Sacrifice in the Mundane (On selfishness)
Wait a minute: Did this book for grown-up mothers actually include a chapter on SELFISHNESS. Surely not. Anytime I tell someone I have six children, they declare how self-less I must be. They tell me what a high calling this is. They affirm my goodness, my patience, and my self-control. Or they call me crazy. None of these is entirely accurate.
The truth is: I struggle with selfishness just like every woman alive. Depending on the day I can totally relate to the following from the book:
“Days are long and mundane. Every need, every ask, every complaint feels like a burden.”
What a ridiculous, selfish mother I can be at times. And on days that don’t feel like that, it is often because I have checked out mentally. I have put myself mentally in another place and time where playing trains and answering math questions and changing diapers and buying groceries are all done on automatic pilot. I have let others take my place in my children’s hearts.
But at the same time:
“You and I, we love our children to the core of our beings. We would die for them. But for some reason, we have a hard time putting away our books, or our computers, or our crafts in order to serve them, train them, encourage them, and fill their souls with life. Every day.”
Yes, yes, yes! And right now, with daughters who are fifteen and thirteen, I feel most vividly that my time with them is short. They are not asking me to play trains or ponies, but they are asking me to fix their hair, take them to tea, discuss their latest book with them, watch them dance, take pictures, discuss boys (yikes!), help them with math, biology, and help them sort through the internal conflicts they also have with (you guessed it!) selfishness.
Each day I am asking the Lord to help mature me.

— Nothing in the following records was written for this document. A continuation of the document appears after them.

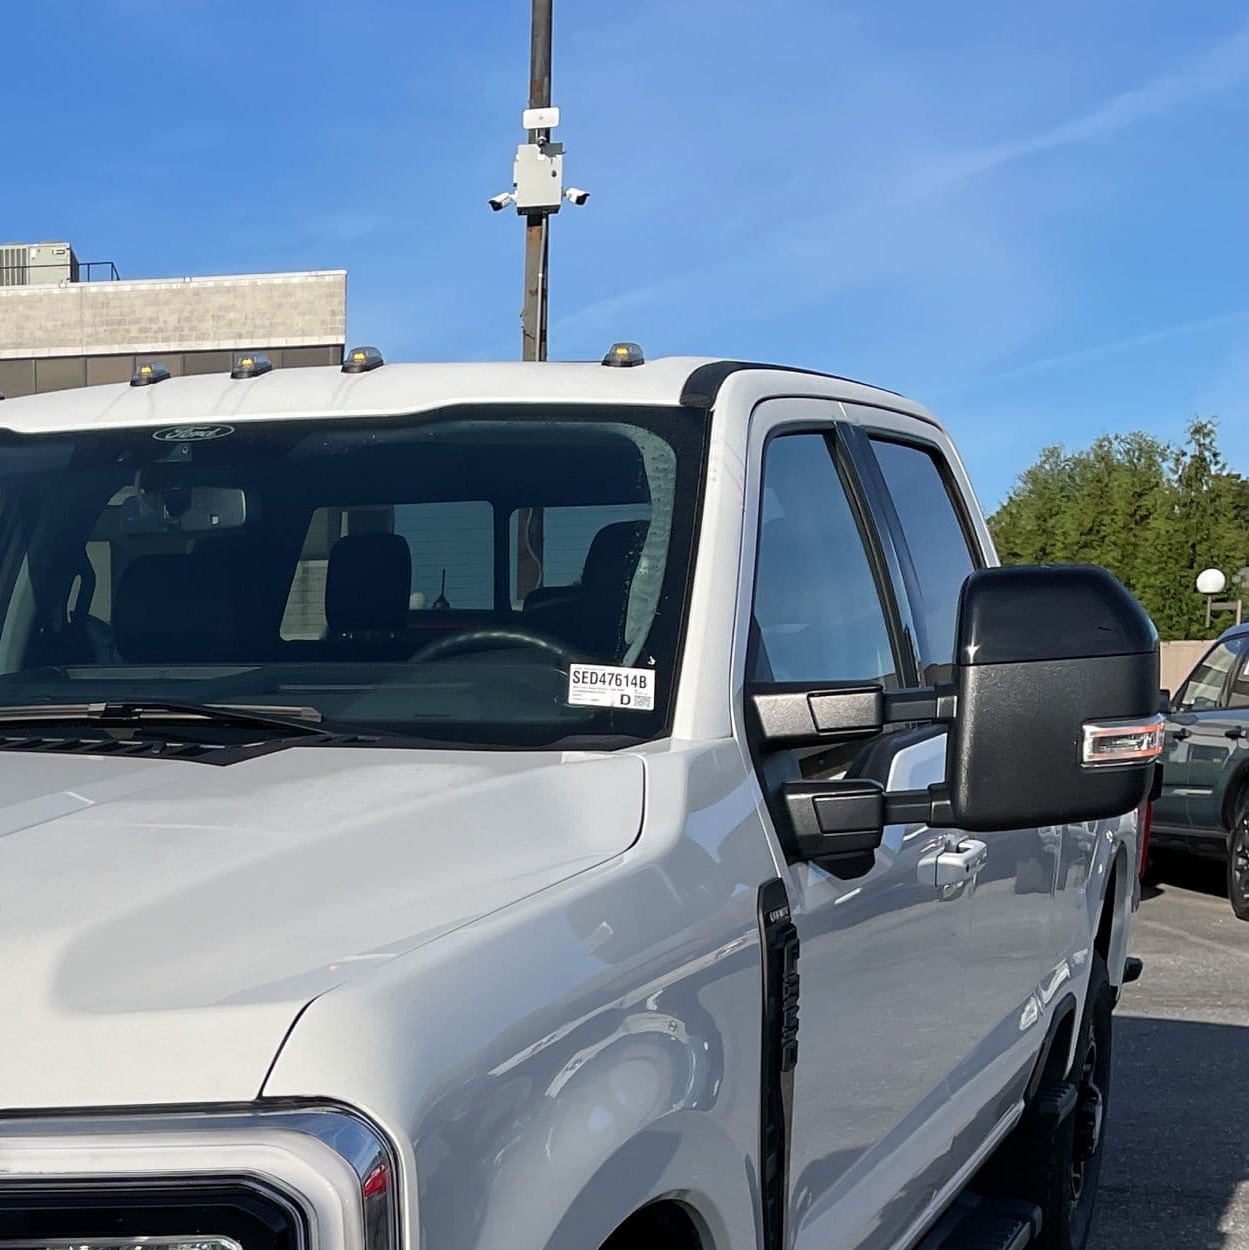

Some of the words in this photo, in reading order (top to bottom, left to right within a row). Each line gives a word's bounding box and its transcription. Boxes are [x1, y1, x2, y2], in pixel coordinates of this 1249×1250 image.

[165, 425, 222, 439] Ford
[572, 670, 647, 689] SED47614B
[620, 693, 631, 706] D
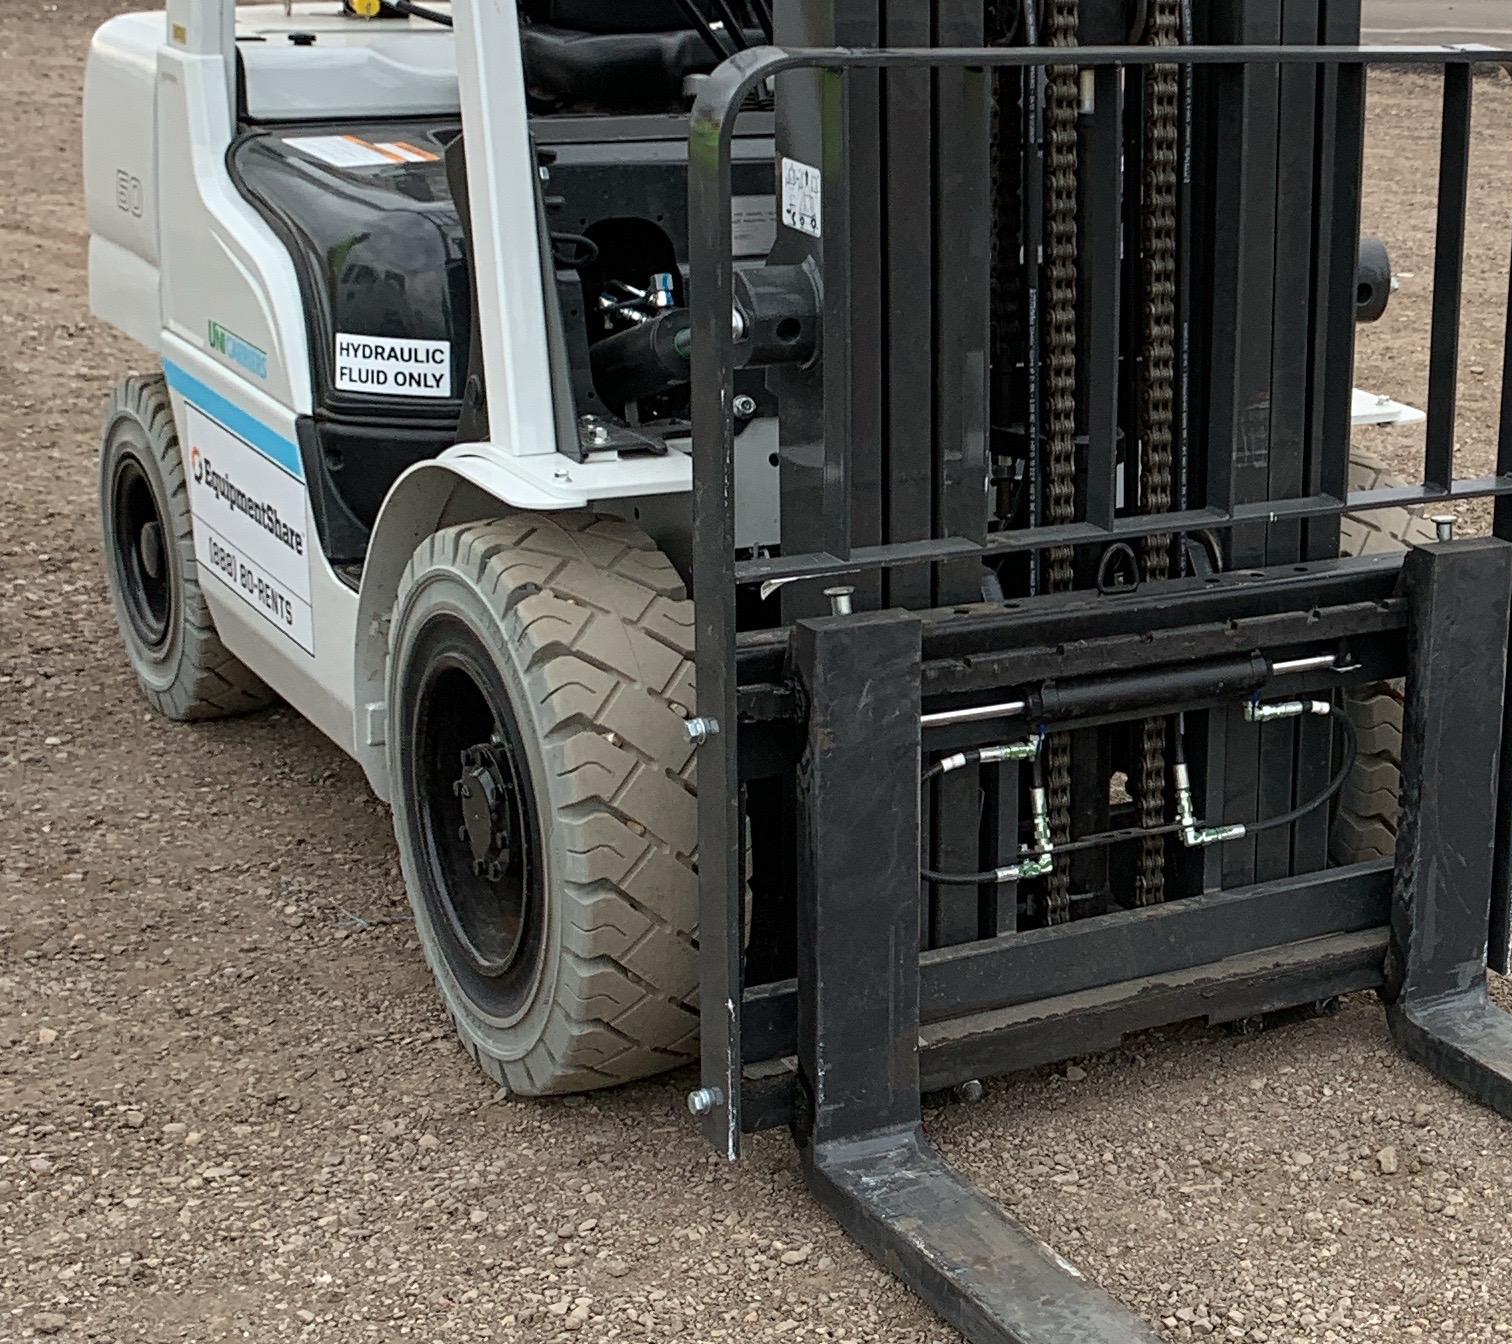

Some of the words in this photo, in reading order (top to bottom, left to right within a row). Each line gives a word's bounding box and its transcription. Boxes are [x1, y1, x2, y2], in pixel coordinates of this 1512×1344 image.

[339, 341, 445, 365] HYDRAULIC
[340, 365, 388, 386] FLUID
[393, 371, 445, 389] ONLY
[204, 457, 304, 557] EquipmentShare
[239, 562, 294, 627] 80-RENTS

I don’t want to be selfish. I want to shut down the computer, take out the headphones, leave the phone on the charger, shut down the business, unplug everything with a plug and just love on them with everything I can. I want to be faithful. I want to be the mother who gladly, sacrificially, joyfully and DAILY laid down everything for those I love.
Does this mean I can’t take time to take care of myself. No. In fact, it is when I am feeling most selfish and most jealous for a life different from my own that I begin to not care whether I look especially nice for my family. That is when I stop caring how healthy the food is I am eating. That is when I start indulging in television more, and reading godly books less. But at some point,
“I accepted that no one else was going to take responsibility for me, and if I didn’t take care of myself, my soul would die a slow death by exhaustion, boredom, loneliness and mediocrity. “
So, moms, even in those mundane days, I have to nurture my own soul AND lay down my selfishness.
The way- the only way- I know how to do this is to gaze upon the cross, and keep in mind John 15:13
“Greater love has no one than this, that one lay down his life for his friends.”
Thank you, Sarah and Sally for helping me see clearly the areas of sinfulness I have in my selfishness. By sharing your stories, you help me see my own more vividly and help me want to shake off these heavy chains of sin and be the mother and wife God is calling me to be. Every single day.